- [Activity]:
Every entry should be repeated exactly. Omit the pictures.

Text-to-region grounding data:
== Segment start ==

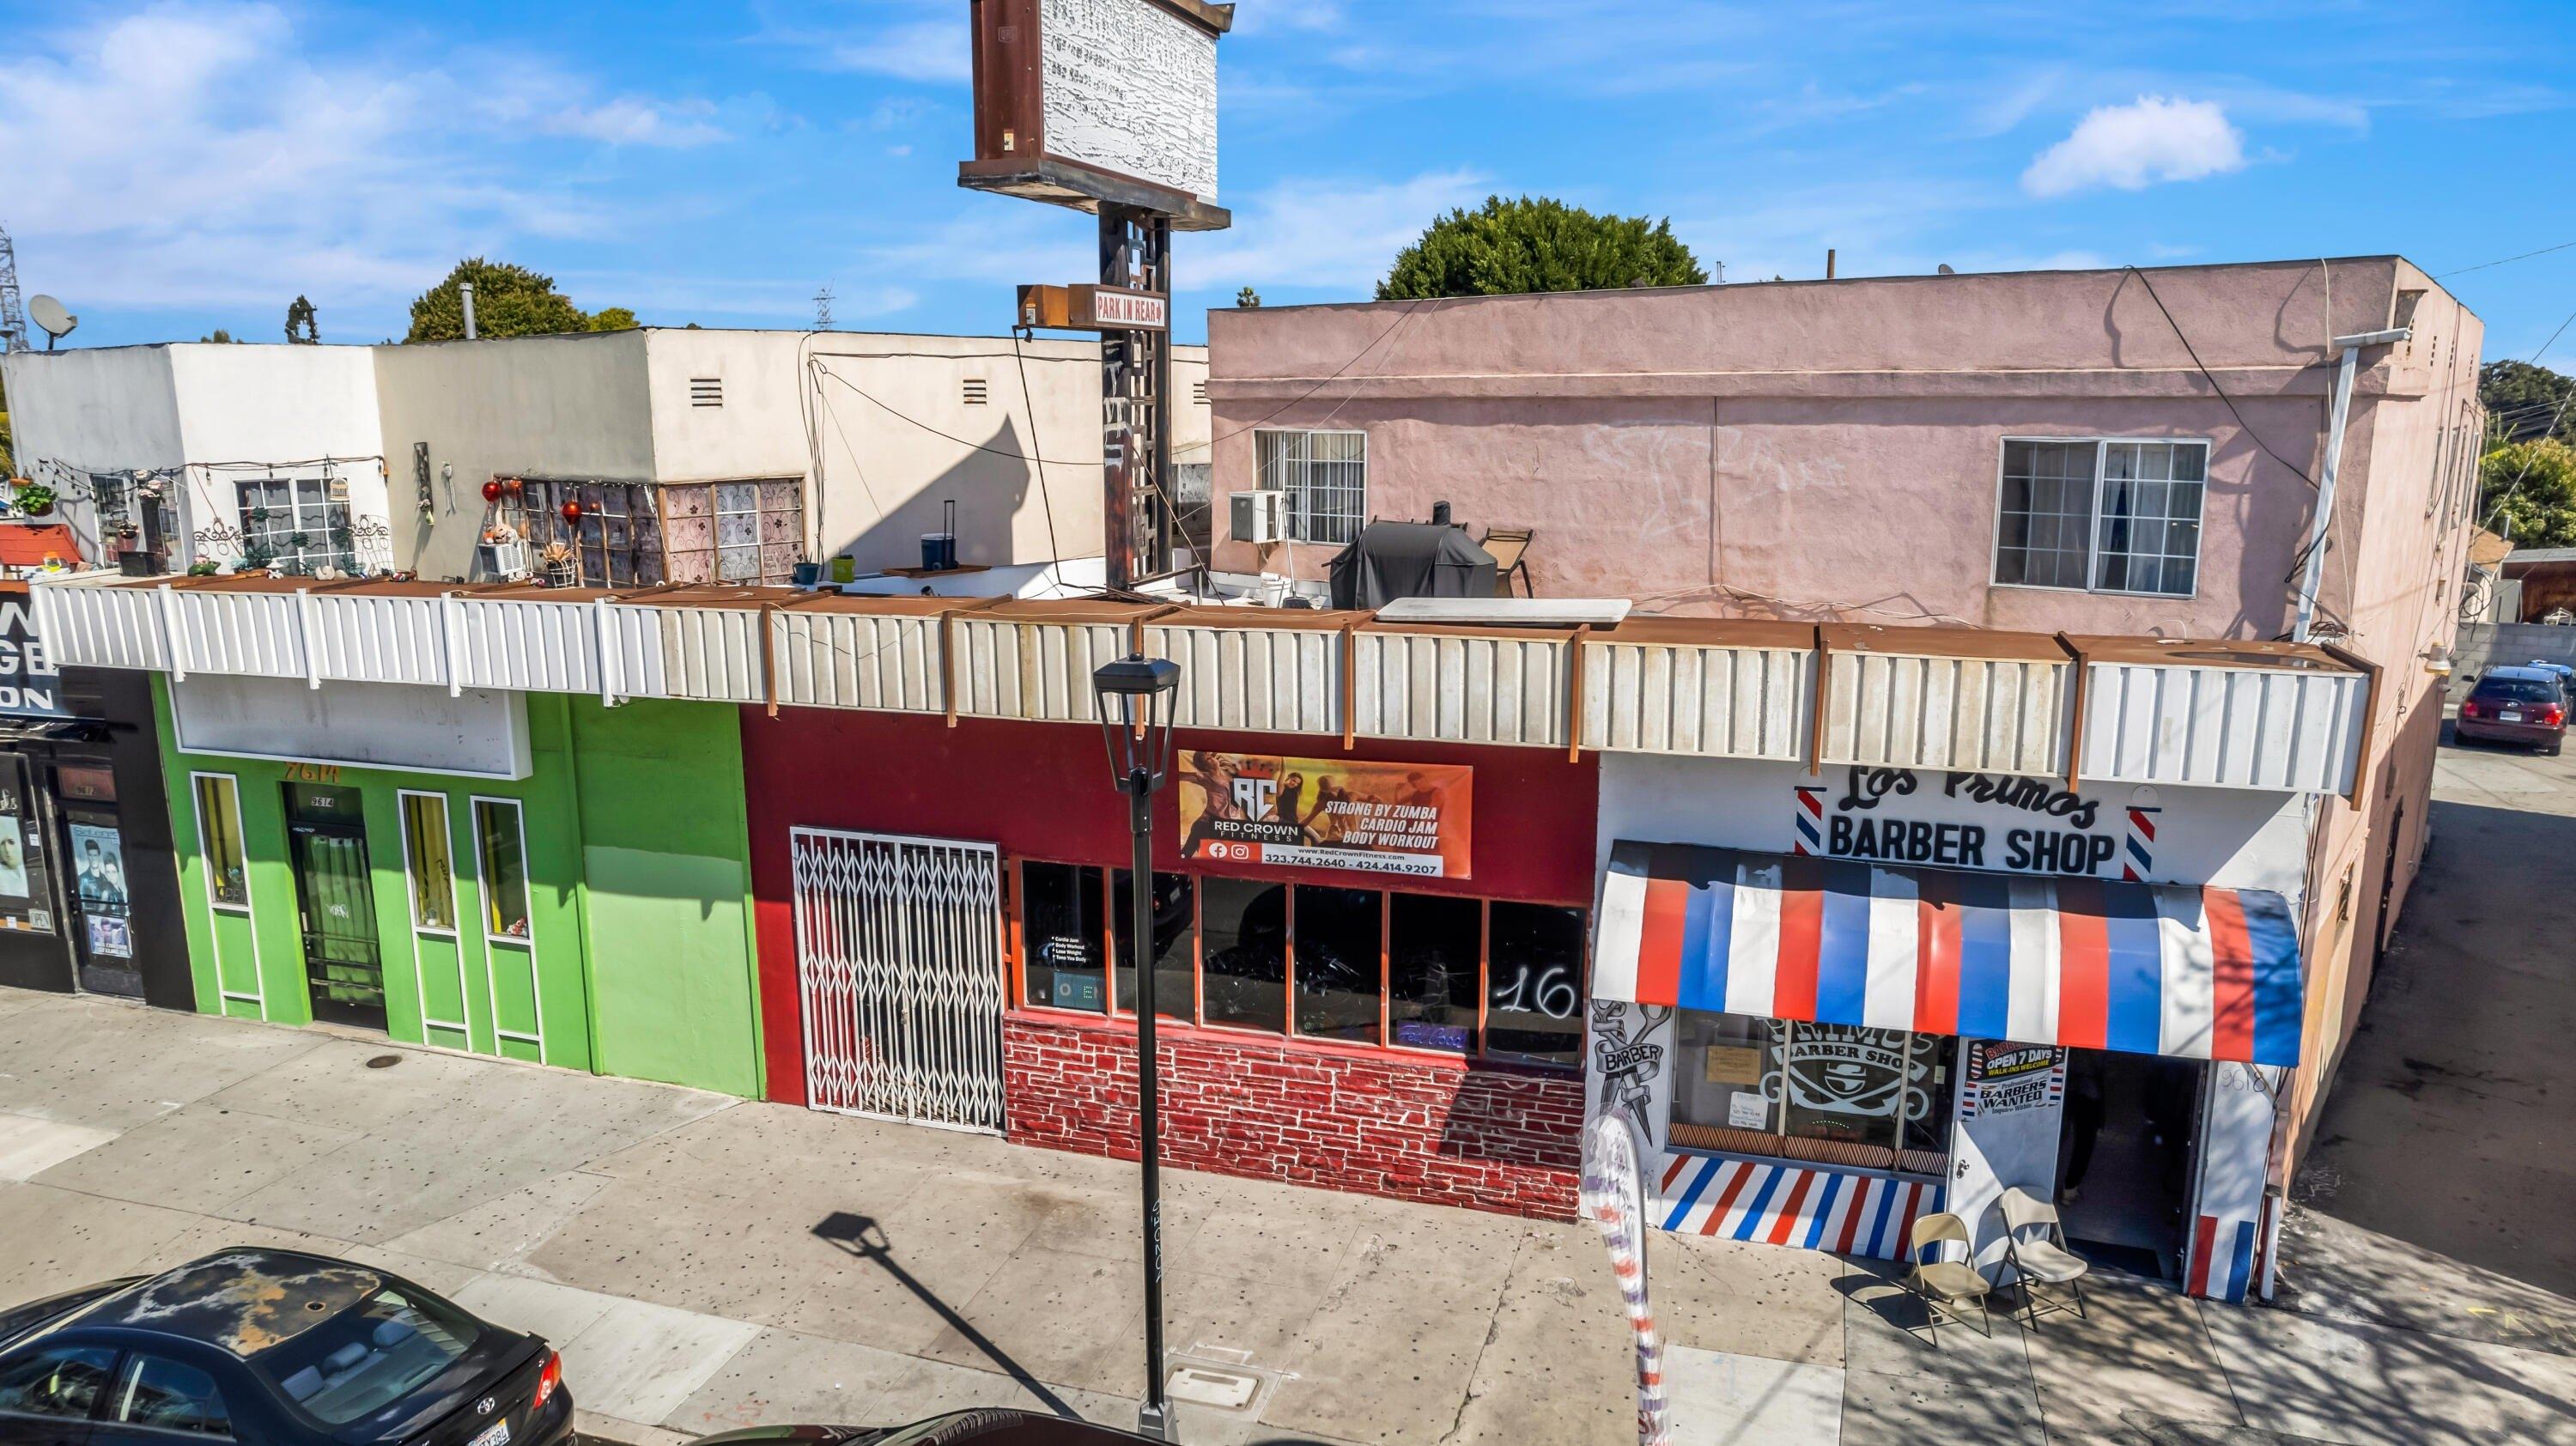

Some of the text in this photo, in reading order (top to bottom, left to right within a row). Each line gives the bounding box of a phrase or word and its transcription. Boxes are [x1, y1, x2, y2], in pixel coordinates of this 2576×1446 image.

[1097, 296, 1156, 322] PARK IN REAR
[284, 762, 341, 783] 9614
[1838, 765, 1917, 811] Los
[312, 797, 334, 806] 9614
[1324, 800, 1437, 820] STRONG BY ZUMBA
[1214, 821, 1298, 836] RED CROWN
[1220, 830, 1292, 842] FITNESS
[1360, 817, 1438, 835] CARDIO JAM
[1343, 830, 1439, 849] BODY WORKOUT
[1829, 815, 2116, 875] BARBER SHOP
[1265, 854, 1346, 867] 323.744.2640
[1356, 860, 1437, 875] 424.414.9207
[1297, 848, 1406, 861] www.RedCrownFitness.com
[1496, 966, 1576, 1020] 16
[1604, 1045, 1660, 1071] BARBER
[1987, 1049, 2052, 1070] OPEN 7 DAYS
[1988, 1059, 2050, 1076] WALK-INS WELCOME
[1980, 1079, 2047, 1099] BARBERS
[2222, 1069, 2267, 1092] 9618
[1984, 1090, 2043, 1108] WANTED
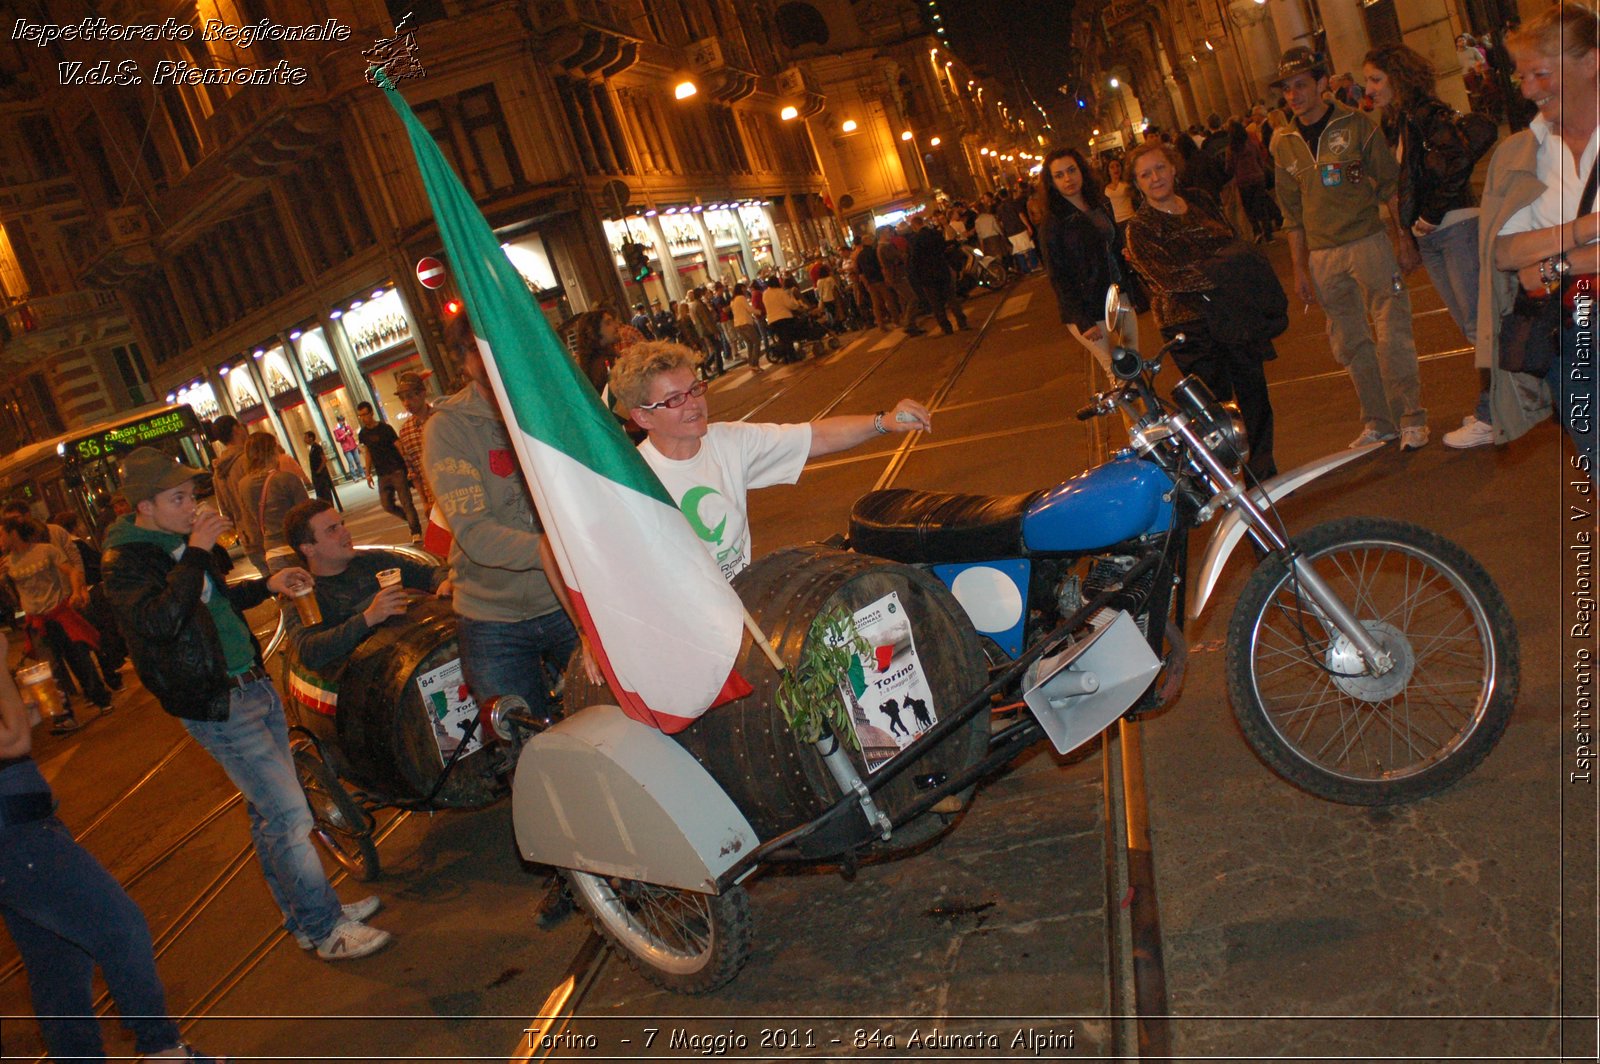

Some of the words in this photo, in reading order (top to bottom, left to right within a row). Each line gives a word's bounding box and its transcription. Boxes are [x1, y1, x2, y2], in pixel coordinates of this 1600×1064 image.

[78, 439, 100, 459] 56
[151, 412, 180, 428] SELLA
[138, 420, 184, 440] TABACCHI
[854, 609, 880, 625] DUNATA
[875, 663, 914, 689] Torino
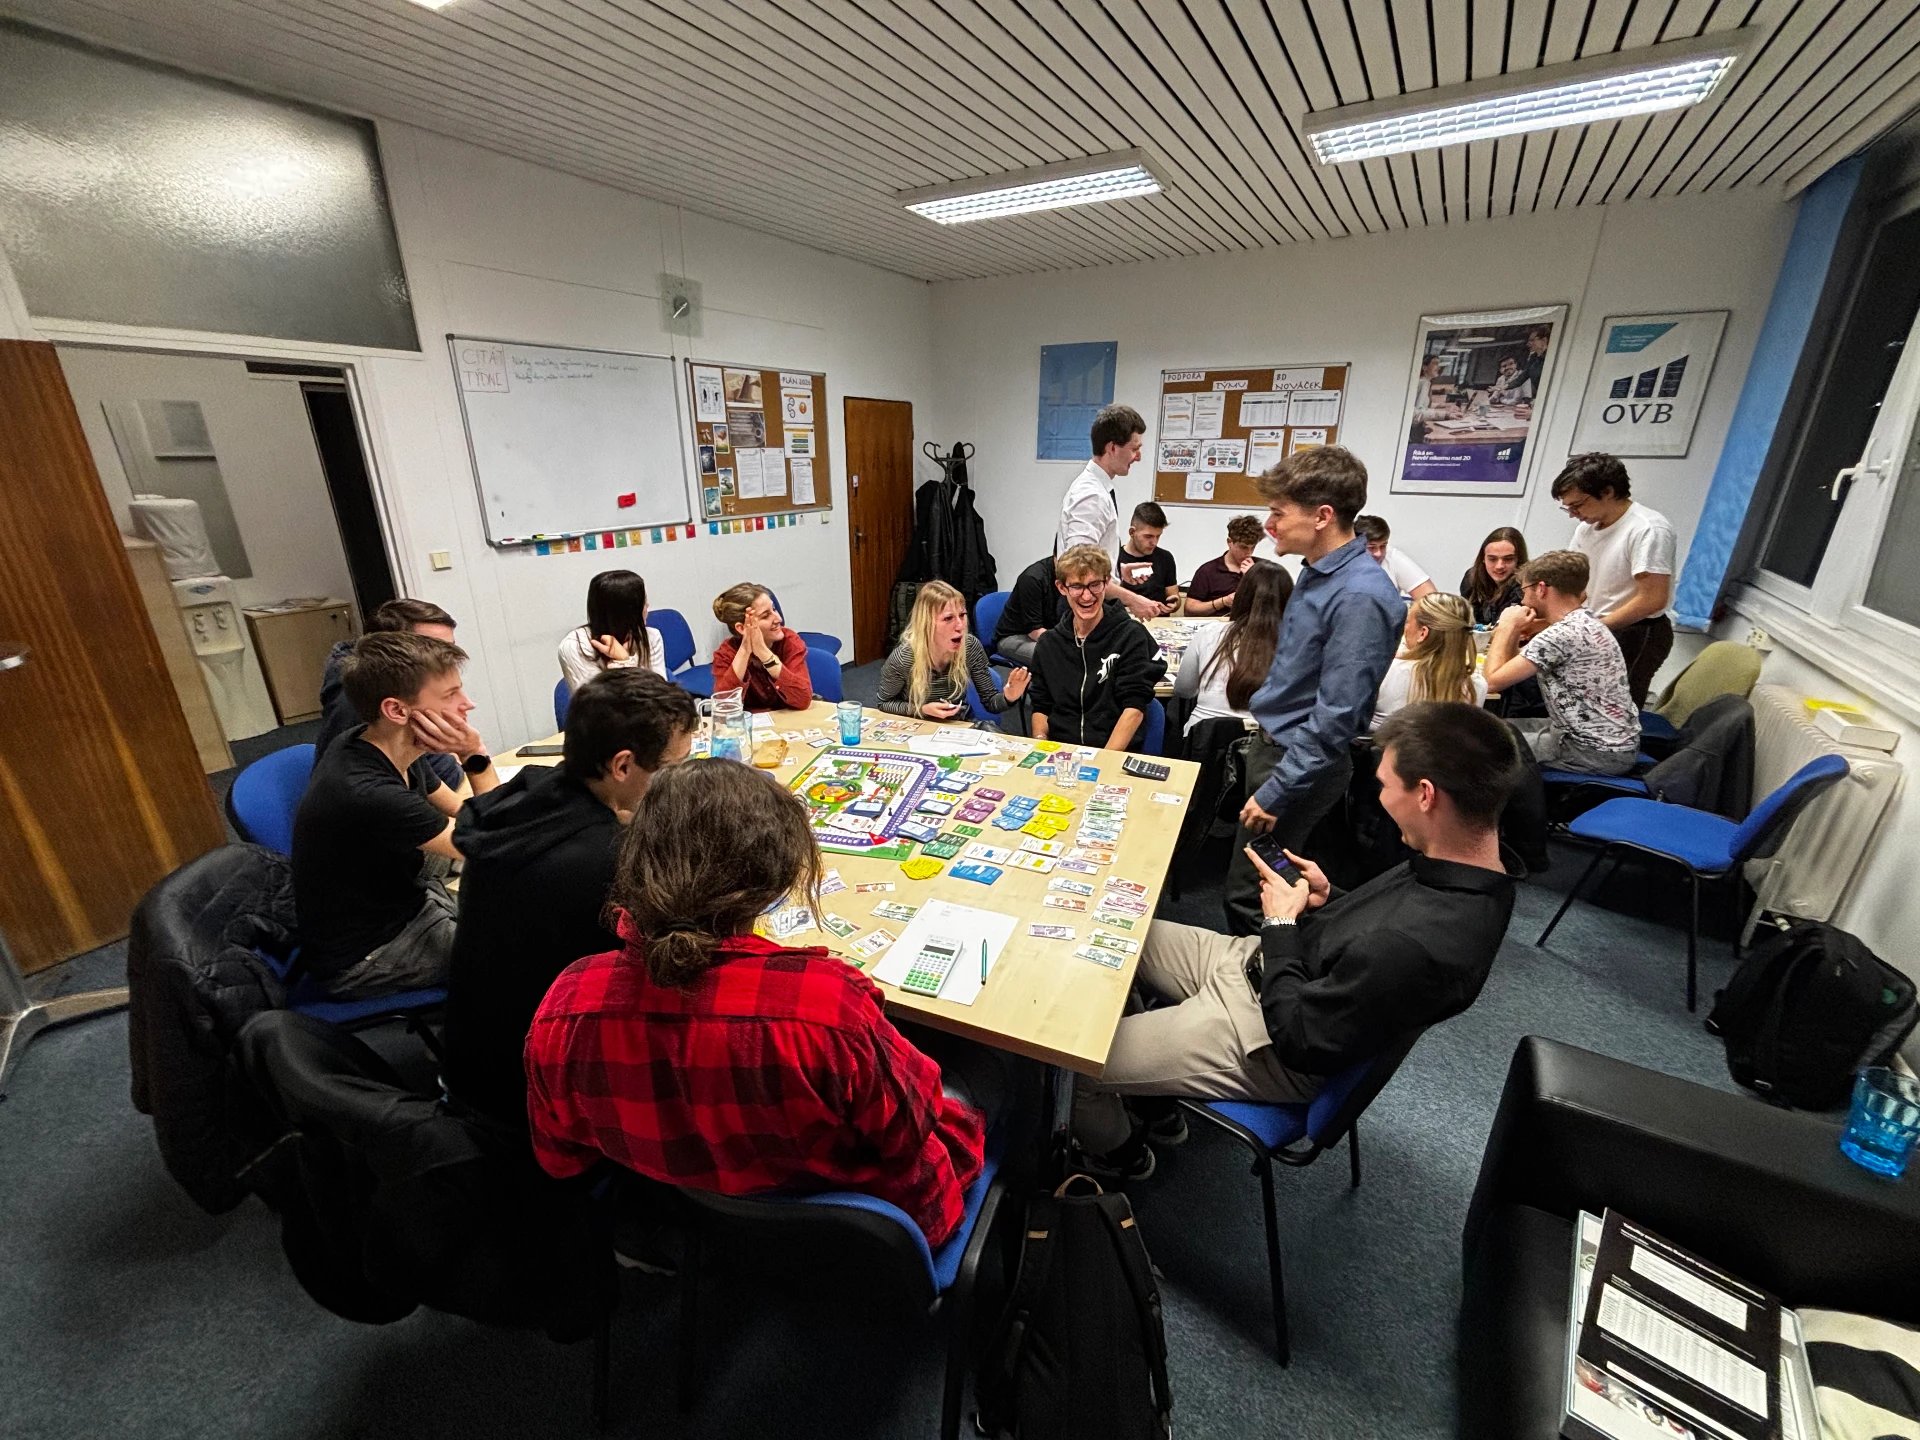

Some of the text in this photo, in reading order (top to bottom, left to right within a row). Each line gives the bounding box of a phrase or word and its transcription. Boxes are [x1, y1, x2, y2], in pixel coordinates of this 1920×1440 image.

== Segment end ==

- [Result of the task]:
Some of the text in this photo, in reading order (top to bottom, left to right within a row). Each line gives the bounding box of a phrase or word and its transcription. Boxes are [x1, y1, x2, y2], in pixel coordinates of this 2576×1446 image.

[1097, 296, 1156, 322] PARK IN REAR
[284, 762, 341, 783] 9614
[1838, 765, 1917, 811] Los
[312, 797, 334, 806] 9614
[1324, 800, 1437, 820] STRONG BY ZUMBA
[1214, 821, 1298, 836] RED CROWN
[1220, 830, 1292, 842] FITNESS
[1360, 817, 1438, 835] CARDIO JAM
[1343, 830, 1439, 849] BODY WORKOUT
[1829, 815, 2116, 875] BARBER SHOP
[1265, 854, 1346, 867] 323.744.2640
[1356, 860, 1437, 875] 424.414.9207
[1297, 848, 1406, 861] www.RedCrownFitness.com
[1496, 966, 1576, 1020] 16
[1604, 1045, 1660, 1071] BARBER
[1987, 1049, 2052, 1070] OPEN 7 DAYS
[1988, 1059, 2050, 1076] WALK-INS WELCOME
[1980, 1079, 2047, 1099] BARBERS
[2222, 1069, 2267, 1092] 9618
[1984, 1090, 2043, 1108] WANTED

Some of the words in this photo, in reading order (top to bottom, left to right within a row). Each line gives a word's bounding box and its transcription. Boxes are [x1, y1, x2, y2], in pixel coordinates of this 1600×1064 image.

[78, 439, 100, 459] 56
[151, 412, 180, 428] SELLA
[138, 420, 184, 440] TABACCHI
[854, 609, 880, 625] DUNATA
[875, 663, 914, 689] Torino

Some of the text in this photo, in reading order (top to bottom, left to right within a row). Each line gives the bounding box of a phrase or word and its transcription. Boxes are [x1, y1, x2, y2], in pixel coordinates of this 1920×1440 image.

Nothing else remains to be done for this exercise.